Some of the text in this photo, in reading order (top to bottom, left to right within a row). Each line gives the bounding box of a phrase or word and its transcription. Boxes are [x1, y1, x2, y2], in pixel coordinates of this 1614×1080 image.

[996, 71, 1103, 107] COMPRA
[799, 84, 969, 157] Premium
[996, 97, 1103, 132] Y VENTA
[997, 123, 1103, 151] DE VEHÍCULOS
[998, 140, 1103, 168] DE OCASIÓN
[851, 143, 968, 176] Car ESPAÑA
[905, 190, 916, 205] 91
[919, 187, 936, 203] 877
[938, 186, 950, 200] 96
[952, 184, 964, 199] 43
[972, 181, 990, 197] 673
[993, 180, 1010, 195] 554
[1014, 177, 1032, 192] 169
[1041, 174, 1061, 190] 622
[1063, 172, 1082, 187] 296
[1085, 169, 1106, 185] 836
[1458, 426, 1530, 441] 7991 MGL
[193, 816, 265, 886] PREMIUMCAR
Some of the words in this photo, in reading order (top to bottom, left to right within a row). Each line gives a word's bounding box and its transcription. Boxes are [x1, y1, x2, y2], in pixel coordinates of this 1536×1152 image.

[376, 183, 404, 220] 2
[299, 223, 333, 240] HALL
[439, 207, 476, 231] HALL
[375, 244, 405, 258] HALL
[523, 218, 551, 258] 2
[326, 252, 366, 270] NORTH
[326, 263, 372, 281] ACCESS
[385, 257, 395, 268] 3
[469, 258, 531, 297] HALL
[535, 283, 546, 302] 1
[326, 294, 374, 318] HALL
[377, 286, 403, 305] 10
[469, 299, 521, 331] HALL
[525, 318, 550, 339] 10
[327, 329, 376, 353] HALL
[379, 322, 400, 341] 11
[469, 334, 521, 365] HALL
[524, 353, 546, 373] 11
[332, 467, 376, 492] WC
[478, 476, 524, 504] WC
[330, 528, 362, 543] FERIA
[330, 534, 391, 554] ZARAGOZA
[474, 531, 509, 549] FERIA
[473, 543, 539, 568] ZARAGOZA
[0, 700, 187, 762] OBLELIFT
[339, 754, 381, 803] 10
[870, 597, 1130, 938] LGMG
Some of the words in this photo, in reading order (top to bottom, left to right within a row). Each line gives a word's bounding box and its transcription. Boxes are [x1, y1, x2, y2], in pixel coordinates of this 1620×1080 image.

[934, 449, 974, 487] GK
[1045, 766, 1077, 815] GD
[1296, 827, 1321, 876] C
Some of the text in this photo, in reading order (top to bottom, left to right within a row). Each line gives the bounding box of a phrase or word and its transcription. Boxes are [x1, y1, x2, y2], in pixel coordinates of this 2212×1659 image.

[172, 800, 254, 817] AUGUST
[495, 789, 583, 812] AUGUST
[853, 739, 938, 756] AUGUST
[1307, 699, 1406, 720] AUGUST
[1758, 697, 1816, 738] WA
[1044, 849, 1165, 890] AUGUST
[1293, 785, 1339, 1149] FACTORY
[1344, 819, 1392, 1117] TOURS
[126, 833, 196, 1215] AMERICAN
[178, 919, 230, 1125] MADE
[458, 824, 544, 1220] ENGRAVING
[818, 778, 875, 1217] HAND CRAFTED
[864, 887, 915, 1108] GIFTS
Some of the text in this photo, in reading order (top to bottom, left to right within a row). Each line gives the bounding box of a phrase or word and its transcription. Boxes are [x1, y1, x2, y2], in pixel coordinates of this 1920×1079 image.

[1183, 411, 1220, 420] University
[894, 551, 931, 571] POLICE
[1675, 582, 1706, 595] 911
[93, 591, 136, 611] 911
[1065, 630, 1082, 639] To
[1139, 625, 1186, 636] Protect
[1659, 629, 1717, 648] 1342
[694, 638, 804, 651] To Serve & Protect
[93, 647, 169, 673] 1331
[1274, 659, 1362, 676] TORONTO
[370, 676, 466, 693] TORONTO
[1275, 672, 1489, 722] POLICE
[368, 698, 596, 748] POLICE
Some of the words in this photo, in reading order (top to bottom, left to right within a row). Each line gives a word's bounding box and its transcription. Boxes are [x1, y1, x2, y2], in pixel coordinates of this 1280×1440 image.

Exercise instructions » Repeat the listing exactly, from its first line to its last.

Solved problem »
Some of the text in this photo, in reading order (top to bottom, left to right within a row). Each line gives the bounding box of a phrase or word and its transcription. Boxes are [x1, y1, x2, y2], in pixel coordinates of this 1614×1080 image.

[996, 71, 1103, 107] COMPRA
[799, 84, 969, 157] Premium
[996, 97, 1103, 132] Y VENTA
[997, 123, 1103, 151] DE VEHÍCULOS
[998, 140, 1103, 168] DE OCASIÓN
[851, 143, 968, 176] Car ESPAÑA
[905, 190, 916, 205] 91
[919, 187, 936, 203] 877
[938, 186, 950, 200] 96
[952, 184, 964, 199] 43
[972, 181, 990, 197] 673
[993, 180, 1010, 195] 554
[1014, 177, 1032, 192] 169
[1041, 174, 1061, 190] 622
[1063, 172, 1082, 187] 296
[1085, 169, 1106, 185] 836
[1458, 426, 1530, 441] 7991 MGL
[193, 816, 265, 886] PREMIUMCAR
Some of the words in this photo, in reading order (top to bottom, left to right within a row). Each line gives a word's bounding box and its transcription. Boxes are [x1, y1, x2, y2], in pixel coordinates of this 1536×1152 image.

[376, 183, 404, 220] 2
[299, 223, 333, 240] HALL
[439, 207, 476, 231] HALL
[375, 244, 405, 258] HALL
[523, 218, 551, 258] 2
[326, 252, 366, 270] NORTH
[326, 263, 372, 281] ACCESS
[385, 257, 395, 268] 3
[469, 258, 531, 297] HALL
[535, 283, 546, 302] 1
[326, 294, 374, 318] HALL
[377, 286, 403, 305] 10
[469, 299, 521, 331] HALL
[525, 318, 550, 339] 10
[327, 329, 376, 353] HALL
[379, 322, 400, 341] 11
[469, 334, 521, 365] HALL
[524, 353, 546, 373] 11
[332, 467, 376, 492] WC
[478, 476, 524, 504] WC
[330, 528, 362, 543] FERIA
[330, 534, 391, 554] ZARAGOZA
[474, 531, 509, 549] FERIA
[473, 543, 539, 568] ZARAGOZA
[0, 700, 187, 762] OBLELIFT
[339, 754, 381, 803] 10
[870, 597, 1130, 938] LGMG
Some of the words in this photo, in reading order (top to bottom, left to right within a row). Each line gives a word's bounding box and its transcription. Boxes are [x1, y1, x2, y2], in pixel coordinates of this 1620×1080 image.

[934, 449, 974, 487] GK
[1045, 766, 1077, 815] GD
[1296, 827, 1321, 876] C
Some of the text in this photo, in reading order (top to bottom, left to right within a row). Each line gives the bounding box of a phrase or word and its transcription. Boxes are [x1, y1, x2, y2], in pixel coordinates of this 2212×1659 image.

[172, 800, 254, 817] AUGUST
[495, 789, 583, 812] AUGUST
[853, 739, 938, 756] AUGUST
[1307, 699, 1406, 720] AUGUST
[1758, 697, 1816, 738] WA
[1044, 849, 1165, 890] AUGUST
[1293, 785, 1339, 1149] FACTORY
[1344, 819, 1392, 1117] TOURS
[126, 833, 196, 1215] AMERICAN
[178, 919, 230, 1125] MADE
[458, 824, 544, 1220] ENGRAVING
[818, 778, 875, 1217] HAND CRAFTED
[864, 887, 915, 1108] GIFTS
Some of the text in this photo, in reading order (top to bottom, left to right within a row). Each line gives the bounding box of a phrase or word and its transcription. Boxes are [x1, y1, x2, y2], in pixel coordinates of this 1920×1079 image.

[1183, 411, 1220, 420] University
[894, 551, 931, 571] POLICE
[1675, 582, 1706, 595] 911
[93, 591, 136, 611] 911
[1065, 630, 1082, 639] To
[1139, 625, 1186, 636] Protect
[1659, 629, 1717, 648] 1342
[694, 638, 804, 651] To Serve & Protect
[93, 647, 169, 673] 1331
[1274, 659, 1362, 676] TORONTO
[370, 676, 466, 693] TORONTO
[1275, 672, 1489, 722] POLICE
[368, 698, 596, 748] POLICE
Some of the words in this photo, in reading order (top to bottom, left to right within a row). Each line gives a word's bounding box and its transcription. Boxes are [x1, y1, x2, y2], in pixel coordinates of this 1280×1440 image.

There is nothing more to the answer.